What to work on.
Write down each entry precisely as given.
═══ Input for this task
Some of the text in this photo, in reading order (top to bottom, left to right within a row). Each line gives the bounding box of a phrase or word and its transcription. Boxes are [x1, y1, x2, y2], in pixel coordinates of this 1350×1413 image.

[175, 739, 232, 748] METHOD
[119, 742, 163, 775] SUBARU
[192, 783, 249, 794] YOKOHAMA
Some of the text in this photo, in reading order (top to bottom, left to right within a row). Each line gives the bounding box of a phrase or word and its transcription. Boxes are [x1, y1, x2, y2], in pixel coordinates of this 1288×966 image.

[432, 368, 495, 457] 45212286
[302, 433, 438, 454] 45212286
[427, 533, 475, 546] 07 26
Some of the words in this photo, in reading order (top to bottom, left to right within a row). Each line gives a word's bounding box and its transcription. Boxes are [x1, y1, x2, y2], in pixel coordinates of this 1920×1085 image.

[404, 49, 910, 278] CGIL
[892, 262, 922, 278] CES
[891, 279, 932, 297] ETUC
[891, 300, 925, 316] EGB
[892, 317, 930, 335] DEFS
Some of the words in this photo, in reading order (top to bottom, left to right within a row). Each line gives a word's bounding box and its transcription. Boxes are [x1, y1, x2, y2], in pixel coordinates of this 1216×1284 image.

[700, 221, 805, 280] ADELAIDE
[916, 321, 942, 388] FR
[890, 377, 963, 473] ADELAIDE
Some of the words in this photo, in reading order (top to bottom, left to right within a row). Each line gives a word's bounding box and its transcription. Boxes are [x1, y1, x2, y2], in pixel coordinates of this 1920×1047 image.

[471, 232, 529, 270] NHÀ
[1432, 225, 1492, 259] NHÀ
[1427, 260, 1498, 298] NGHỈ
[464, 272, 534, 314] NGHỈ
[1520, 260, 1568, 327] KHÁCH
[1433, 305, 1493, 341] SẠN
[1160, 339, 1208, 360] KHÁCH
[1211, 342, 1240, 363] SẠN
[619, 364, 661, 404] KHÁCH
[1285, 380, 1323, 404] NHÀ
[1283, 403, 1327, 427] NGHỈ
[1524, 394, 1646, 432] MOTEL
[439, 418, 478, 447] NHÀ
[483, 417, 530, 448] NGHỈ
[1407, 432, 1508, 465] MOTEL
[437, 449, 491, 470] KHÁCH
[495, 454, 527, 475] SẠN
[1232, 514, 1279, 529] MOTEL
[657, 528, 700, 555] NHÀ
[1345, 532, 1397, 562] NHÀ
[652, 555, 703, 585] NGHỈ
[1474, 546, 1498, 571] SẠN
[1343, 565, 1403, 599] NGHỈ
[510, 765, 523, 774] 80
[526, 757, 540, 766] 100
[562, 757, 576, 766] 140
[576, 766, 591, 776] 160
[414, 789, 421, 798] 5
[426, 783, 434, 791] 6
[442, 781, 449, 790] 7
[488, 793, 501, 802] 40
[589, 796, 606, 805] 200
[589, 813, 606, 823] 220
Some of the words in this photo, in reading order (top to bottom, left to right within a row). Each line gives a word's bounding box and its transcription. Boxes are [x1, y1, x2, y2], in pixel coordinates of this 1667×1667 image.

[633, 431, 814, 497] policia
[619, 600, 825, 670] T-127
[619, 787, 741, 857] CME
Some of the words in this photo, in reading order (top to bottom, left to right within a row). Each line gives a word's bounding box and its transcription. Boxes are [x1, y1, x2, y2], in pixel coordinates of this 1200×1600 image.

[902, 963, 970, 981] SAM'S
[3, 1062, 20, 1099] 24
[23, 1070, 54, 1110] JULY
══════
The answer.
Some of the text in this photo, in reading order (top to bottom, left to right within a row). Each line gives the bounding box of a phrase or word and its transcription. Boxes are [x1, y1, x2, y2], in pixel coordinates of this 1350×1413 image.

[175, 739, 232, 748] METHOD
[119, 742, 163, 775] SUBARU
[192, 783, 249, 794] YOKOHAMA
Some of the text in this photo, in reading order (top to bottom, left to right within a row). Each line gives the bounding box of a phrase or word and its transcription. Boxes are [x1, y1, x2, y2], in pixel coordinates of this 1288×966 image.

[432, 368, 495, 457] 45212286
[302, 433, 438, 454] 45212286
[427, 533, 475, 546] 07 26
Some of the words in this photo, in reading order (top to bottom, left to right within a row). Each line gives a word's bounding box and its transcription. Boxes are [x1, y1, x2, y2], in pixel coordinates of this 1920×1085 image.

[404, 49, 910, 278] CGIL
[892, 262, 922, 278] CES
[891, 279, 932, 297] ETUC
[891, 300, 925, 316] EGB
[892, 317, 930, 335] DEFS
Some of the words in this photo, in reading order (top to bottom, left to right within a row). Each line gives a word's bounding box and its transcription. Boxes are [x1, y1, x2, y2], in pixel coordinates of this 1216×1284 image.

[700, 221, 805, 280] ADELAIDE
[916, 321, 942, 388] FR
[890, 377, 963, 473] ADELAIDE
Some of the words in this photo, in reading order (top to bottom, left to right within a row). Each line gives a word's bounding box and its transcription. Boxes are [x1, y1, x2, y2], in pixel coordinates of this 1920×1047 image.

[471, 232, 529, 270] NHÀ
[1432, 225, 1492, 259] NHÀ
[1427, 260, 1498, 298] NGHỈ
[464, 272, 534, 314] NGHỈ
[1520, 260, 1568, 327] KHÁCH
[1433, 305, 1493, 341] SẠN
[1160, 339, 1208, 360] KHÁCH
[1211, 342, 1240, 363] SẠN
[619, 364, 661, 404] KHÁCH
[1285, 380, 1323, 404] NHÀ
[1283, 403, 1327, 427] NGHỈ
[1524, 394, 1646, 432] MOTEL
[439, 418, 478, 447] NHÀ
[483, 417, 530, 448] NGHỈ
[1407, 432, 1508, 465] MOTEL
[437, 449, 491, 470] KHÁCH
[495, 454, 527, 475] SẠN
[1232, 514, 1279, 529] MOTEL
[657, 528, 700, 555] NHÀ
[1345, 532, 1397, 562] NHÀ
[652, 555, 703, 585] NGHỈ
[1474, 546, 1498, 571] SẠN
[1343, 565, 1403, 599] NGHỈ
[510, 765, 523, 774] 80
[526, 757, 540, 766] 100
[562, 757, 576, 766] 140
[576, 766, 591, 776] 160
[414, 789, 421, 798] 5
[426, 783, 434, 791] 6
[442, 781, 449, 790] 7
[488, 793, 501, 802] 40
[589, 796, 606, 805] 200
[589, 813, 606, 823] 220
Some of the words in this photo, in reading order (top to bottom, left to right within a row). Each line gives a word's bounding box and its transcription. Boxes are [x1, y1, x2, y2], in pixel coordinates of this 1667×1667 image.

[633, 431, 814, 497] policia
[619, 600, 825, 670] T-127
[619, 787, 741, 857] CME
Some of the words in this photo, in reading order (top to bottom, left to right within a row). Each line gives a word's bounding box and its transcription. Boxes are [x1, y1, x2, y2], in pixel coordinates of this 1200×1600 image.

[902, 963, 970, 981] SAM'S
[3, 1062, 20, 1099] 24
[23, 1070, 54, 1110] JULY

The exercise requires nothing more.